Outrageous slights are not but vanity,
Purveyors so to elevate their worth;
To be embroiled in such absurdity
Is but, at best, a jester courting mirth.
It is a frailty of the human form
That passion oft prevails on common sense,
So when the blood of simpletons wax warm—
A measured jest is oft the best defense.
For what to gain from mindless spats with fools,
The winner such bedecked by spit and drool.

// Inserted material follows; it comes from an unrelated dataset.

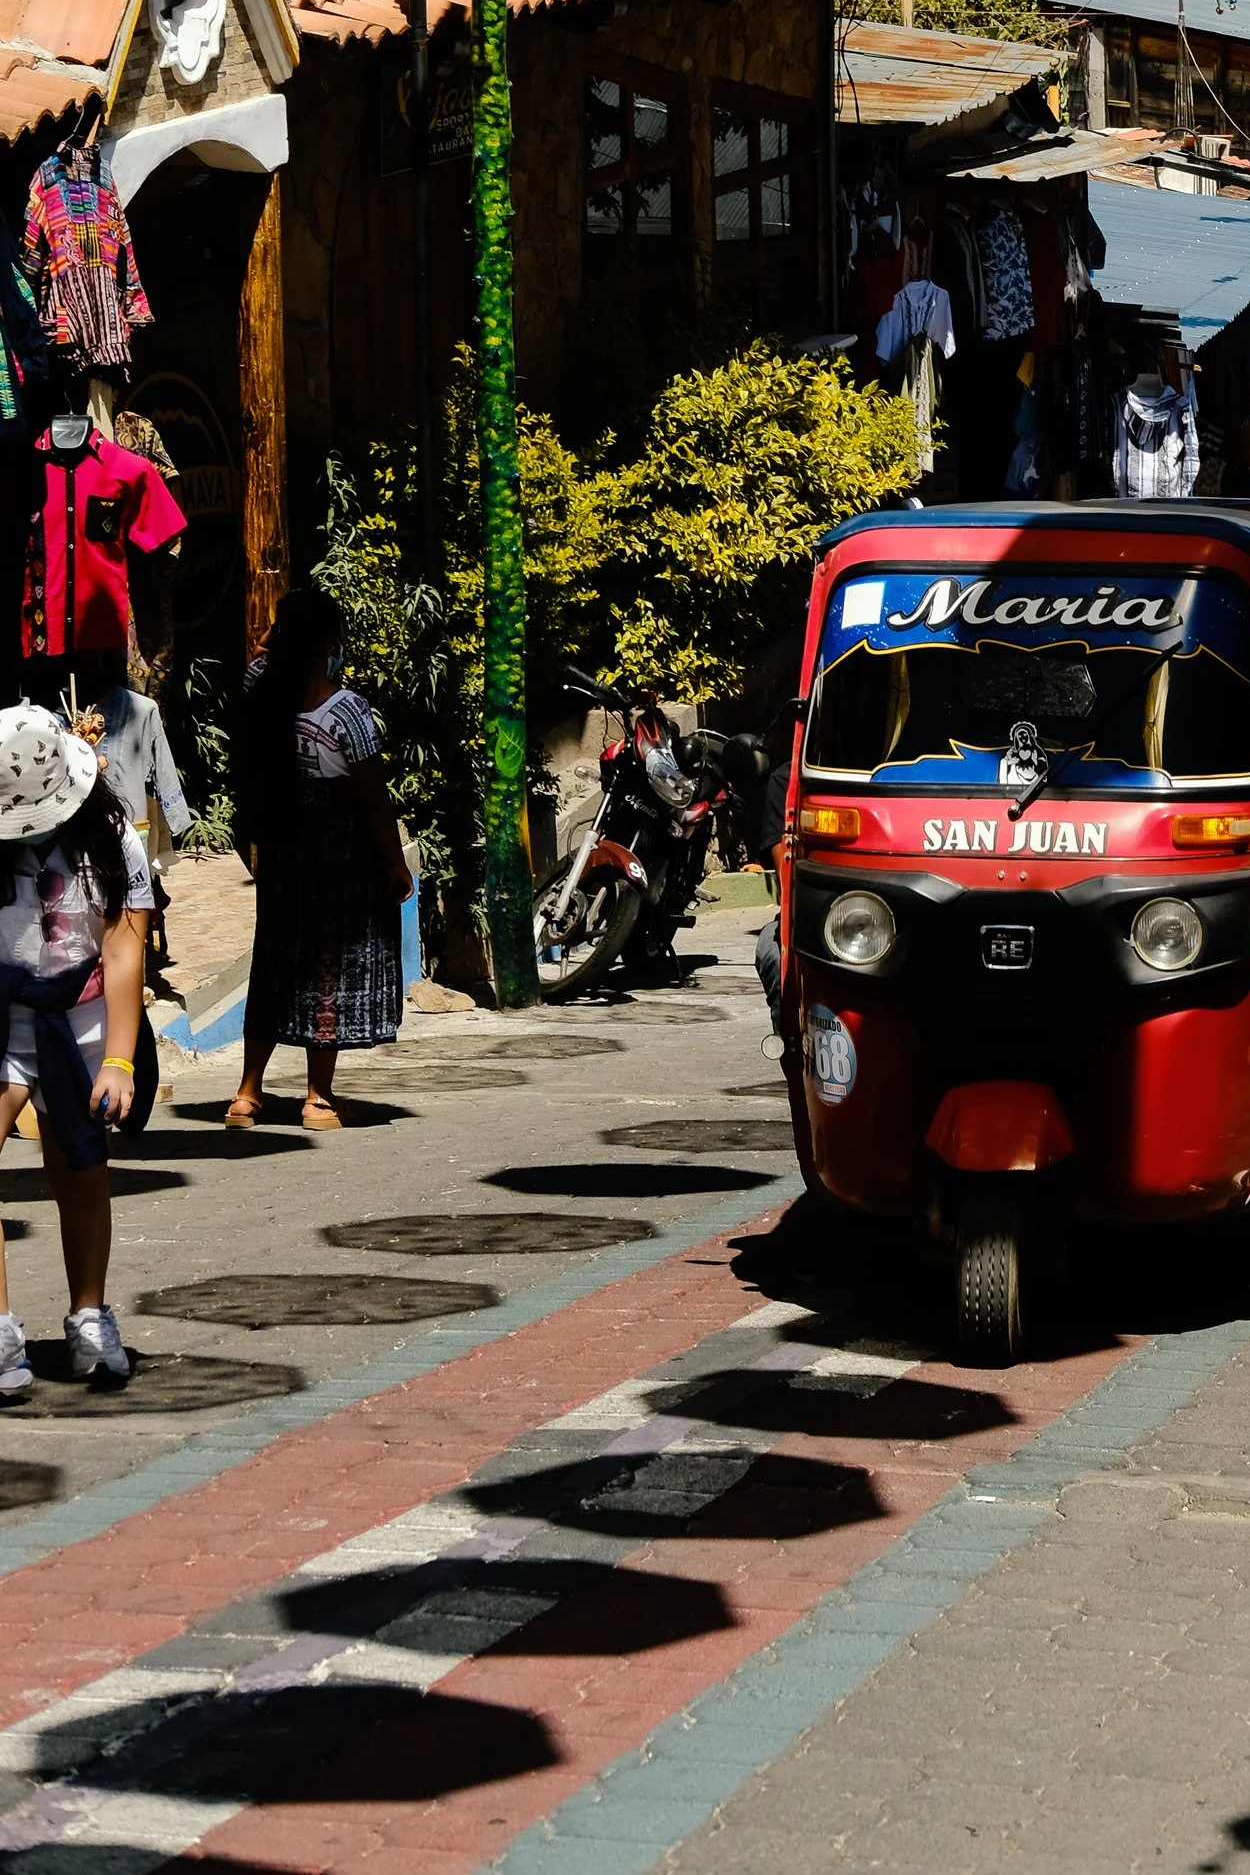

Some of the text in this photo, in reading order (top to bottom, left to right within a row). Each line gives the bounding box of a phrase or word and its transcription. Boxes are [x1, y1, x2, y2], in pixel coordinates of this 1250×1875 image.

©Loubert S Suddaby. All Rights Reserved.

Sonnet 346

Even the dark finality of death
Shall never end your wild and wondrous song,
Much as sweet music or a rose’s breath
Upon stark ending, lingers faint, yet strong.
All eyes that touch your face have etched in mind
Bright images engraved in memory,
Dear visions that enhance with passing time
While others languish in obscurity.
Throughout the ages sylphs begat from heaven
Have walked the earth, yet few by name we know,
Cleopatra, fair Guinevere and Helen—
Into Times’s silent vault all others go.
Of storied fame which fortune bears or bars,
I write the name Selena in the stars.

©Loubert S Suddaby. All Rights Reserved.

Sonnet 345

Here now I write into the twilight hour,
Delighting more in candles than the sun,
Preferring colors that the stars adore
Amidst mute thoughtful musings of the moon;
Soft sleeps the velvet night upon the sea,
Majestic more the purple mantled range,
Warm midnight blue lay shadows on the lea,
Gloam swaddled drowsy dwellings on the grange.
The heavens are best mirrored by still water,
So purest thoughts reflect from tranquil minds,
Of this and more mute probing souls may ponder:
Aged truths in contemplation there to find;
A glim shines brighter, cloaked in dimmest light—
I welcome so the comfort of the night.

©Loubert S Suddaby. All Rights Reserved.

XYZ

Our genome differs from the chimp
By one point two percent,
The Y, I’m told, though but a shrimp,
Adds two in complement.
One female X is held in check
So Ys give men the more—
And though it seems but just a speck,
These genes we can’t ignore.
This clarifies a fact of life
One scarcely can escape:
I hold less common with my wife
Than she does with an ape.
Though one may argue, or abstain
From such an arcane thought,
Since we stood upright on the plain—
The stranger she has got.
© Loubert S Suddaby. All Rights Reserved.

Sonnet 344

A living memory in a dying art
A message in a bottle tossed to sea,
A simple wish upon a falling star
A hope on hope that shall not come to be.
Such is the passage of the mortal soul,
A traveler from and to, yet never there;
All worthy toil but for some nameless goal,
A destiny unsure—yet ever…where?
Alone upon that solipsistic plain
Doubting reason, trusting not the mind,
Ethereal essence not of heart or brain
Clear of a purpose not quite yet defined;
A dance of particles on solar winds…
Or wandering children of Elysium?

© Loubert S Suddaby. All Rights Reserved.

Sonnet 343

He left you scorned and now you come to me,
What value could I possibly yet hold?
You knew me first; no interest did you see;
No spark of interest—so I once was told.
It’s true I did not force a play for love
But sensed that on pure kindness it might grow,
I chose my distance, banked on stars above
To guide a course that only fate may know.
I see you here in much a different light—
You did not want me then and do not now;
My role set but to stay a tear in flight
That it not splash and stain your lacy gown;
Playing the nursemaid, summoned to ease pain—
No love to lose—and surely, none to gain.